The Cincinnati Reds Are Far Worse Than Anyone Thought They'd Be

Joey Votto, St. Louis Cardinals v Cincinnati Reds
Joey Votto, St. Louis Cardinals v Cincinnati Reds / Dylan Buell/GettyImages

We all knew the Cincinnati Reds would be bad this season, but I don't think anyone expected this. Only 22 games into the season, Cincinnati is 16 games below .500. Yes, you read that right, the Reds are 3-19 and are on pace to post the worst record in Major League Baseball history. There's no reason to expect a turnaround any time soon.

The Reds sold off or refused to re-sign a ton of their key pieces this offseason. Gone are Nick Castellanos, Jesse Winker, Eugenio Suarez, Tucker Barnhart, Sonny Gray, Wade Miley and Amir Garrett. In their place, the Reds have a mix of stopgap guys, aging veterans and a one young phenom with a lot on his shoulders in Hunter Greene. It's no shock then that the Reds have been horrific.

As a team, Cincinnati enters Monday's action ranked 29th in batting average (.201) leaguewide, tied for dead last in on-base percentage (.271), last in slugging percentage (.311), last in OPS (.582), tied for 28th in run scored (67) and 24th in home runs (15). Even Joey Votto is down this year. He's hitting .122, with a .278 on-base percentage while slugging .135. He has yet to hit a home run.

The scary thing? While the offense has been terrible, the pitching may be worse.

The Reds are currently last in MLB in ERA (6.15). Their closest competition are the Washington Nationals at 5.08. They're more than a full run above second place. The team WHIP (1.63) ranks last, as does their opponents' batting average (.275).

So yeah, they're not just regular bad, they're bad bad. And yes, that's a technical term. Greene is truly the team's lone bright spot and there's not much else worth watching. Reigning NL Rookie of the Year Jonathan India might be considered a bright spot, but he's already hit the injured list twice this season. It's no wonder the stands are empty at Great American Ballpark.

Of course, given the arrogance of the team's management, this isn't shocking. Reds COO Phil Castellini showed ownership's disdain for the fans before Opening Day when he basically dared them not to support the team.

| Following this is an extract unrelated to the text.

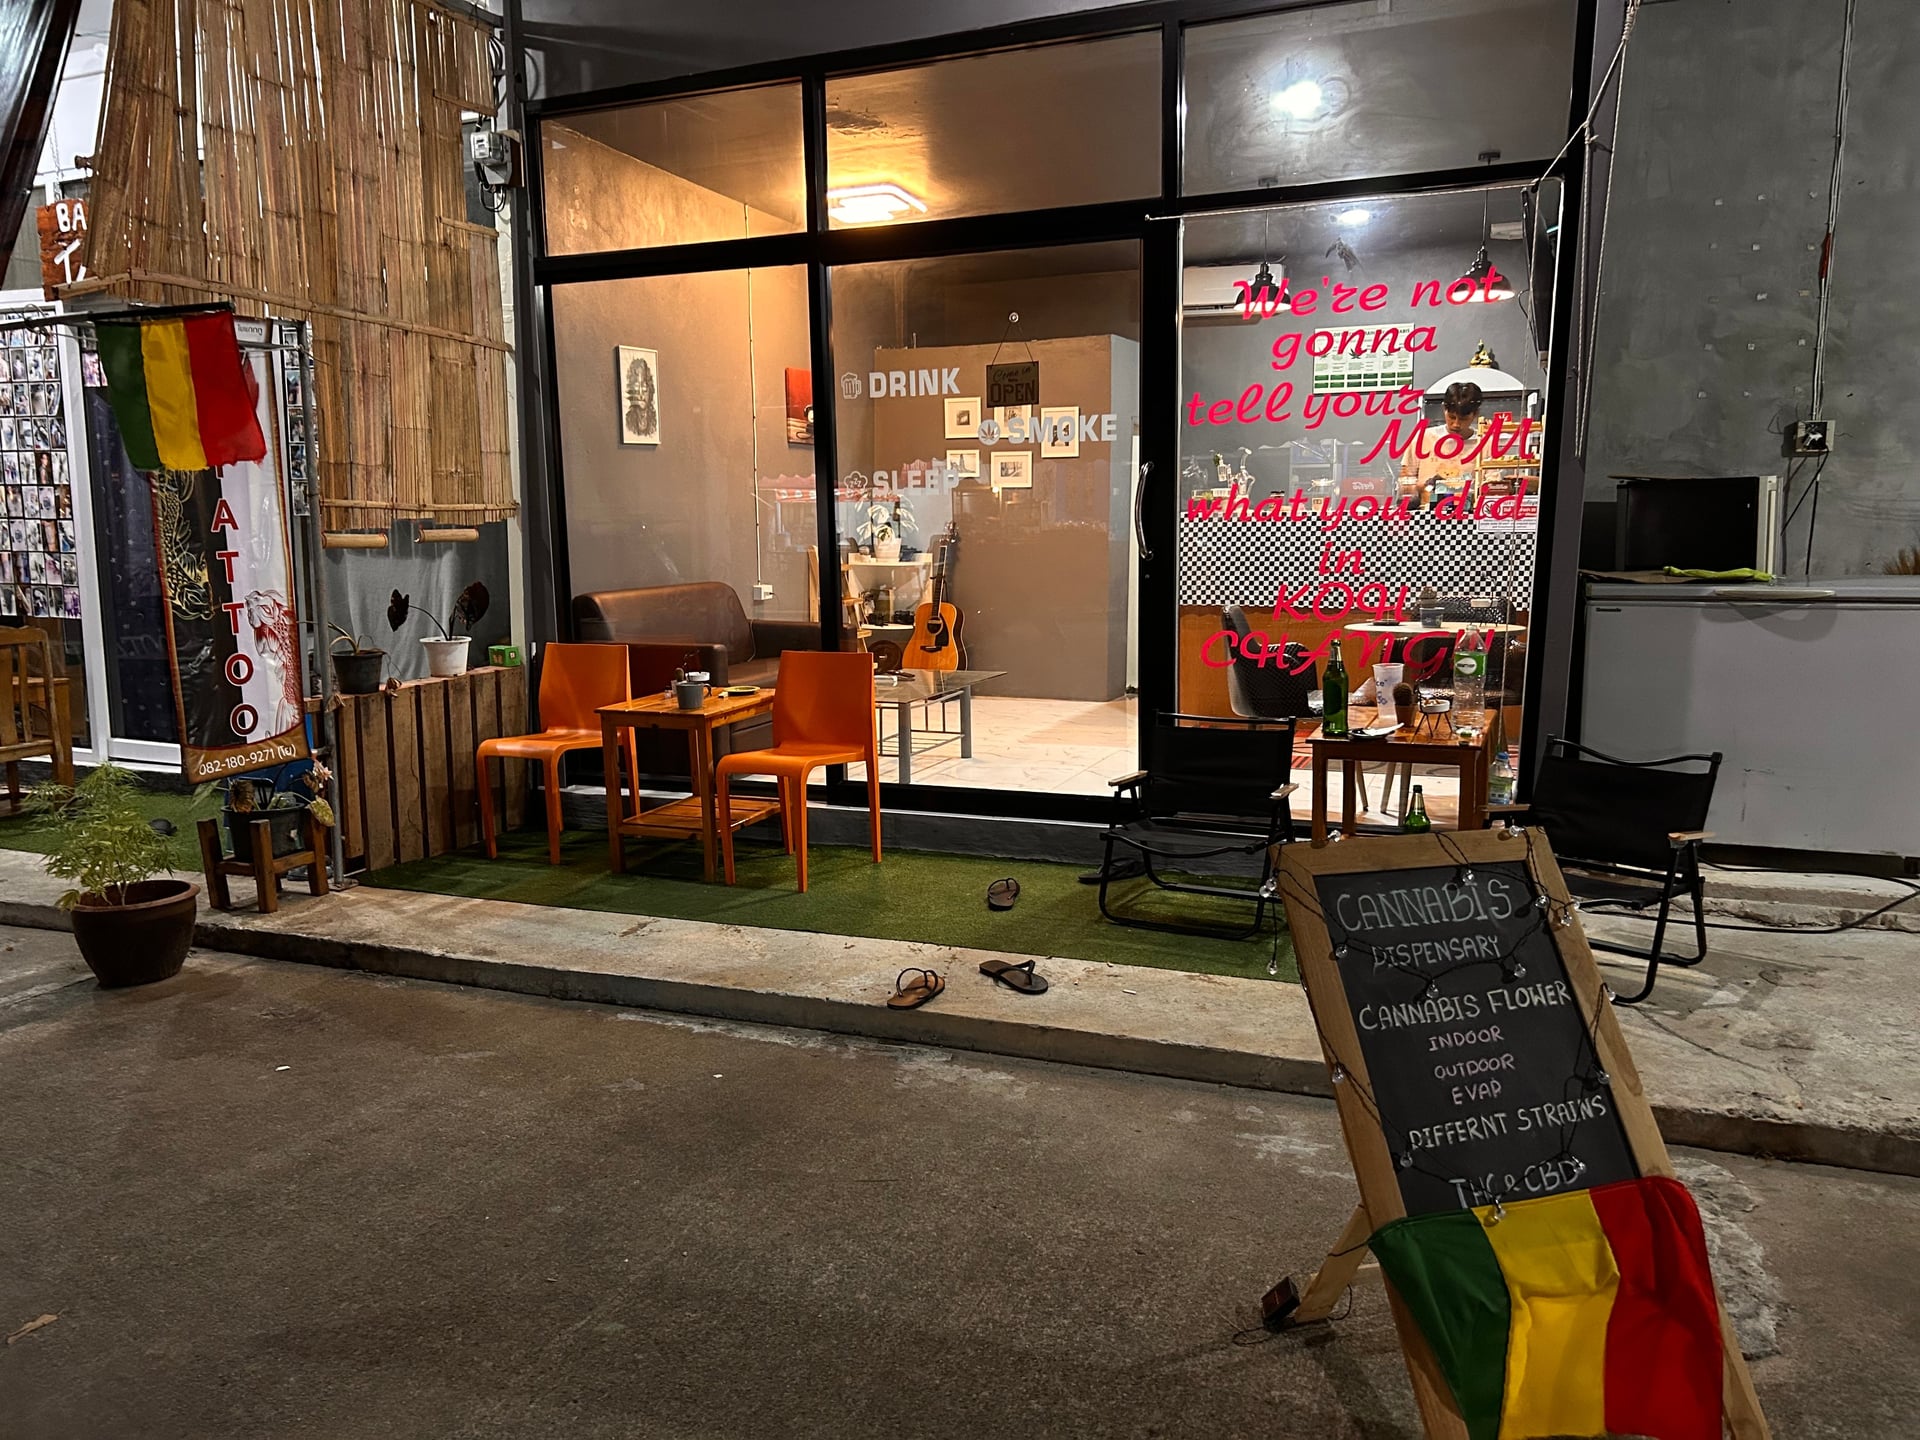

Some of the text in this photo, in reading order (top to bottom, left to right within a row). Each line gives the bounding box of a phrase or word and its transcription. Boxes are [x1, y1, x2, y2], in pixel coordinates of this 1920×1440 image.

What's happening to the Reds right now is not only toxic, it's tragic. This is a team that was in the hunt for a National League wild card spot until September last season. They finished seven games out of a playoff spot but were 83-79. A few months later Cincinnati looks like an easy bet to lose 110 games and flirt with the 1962 New York Mets (40-120) for the worst record in the Modern Era.

This isn't going to change any time soon. The Reds are down bad and they'll stay there all season. Their fans deserve better than this.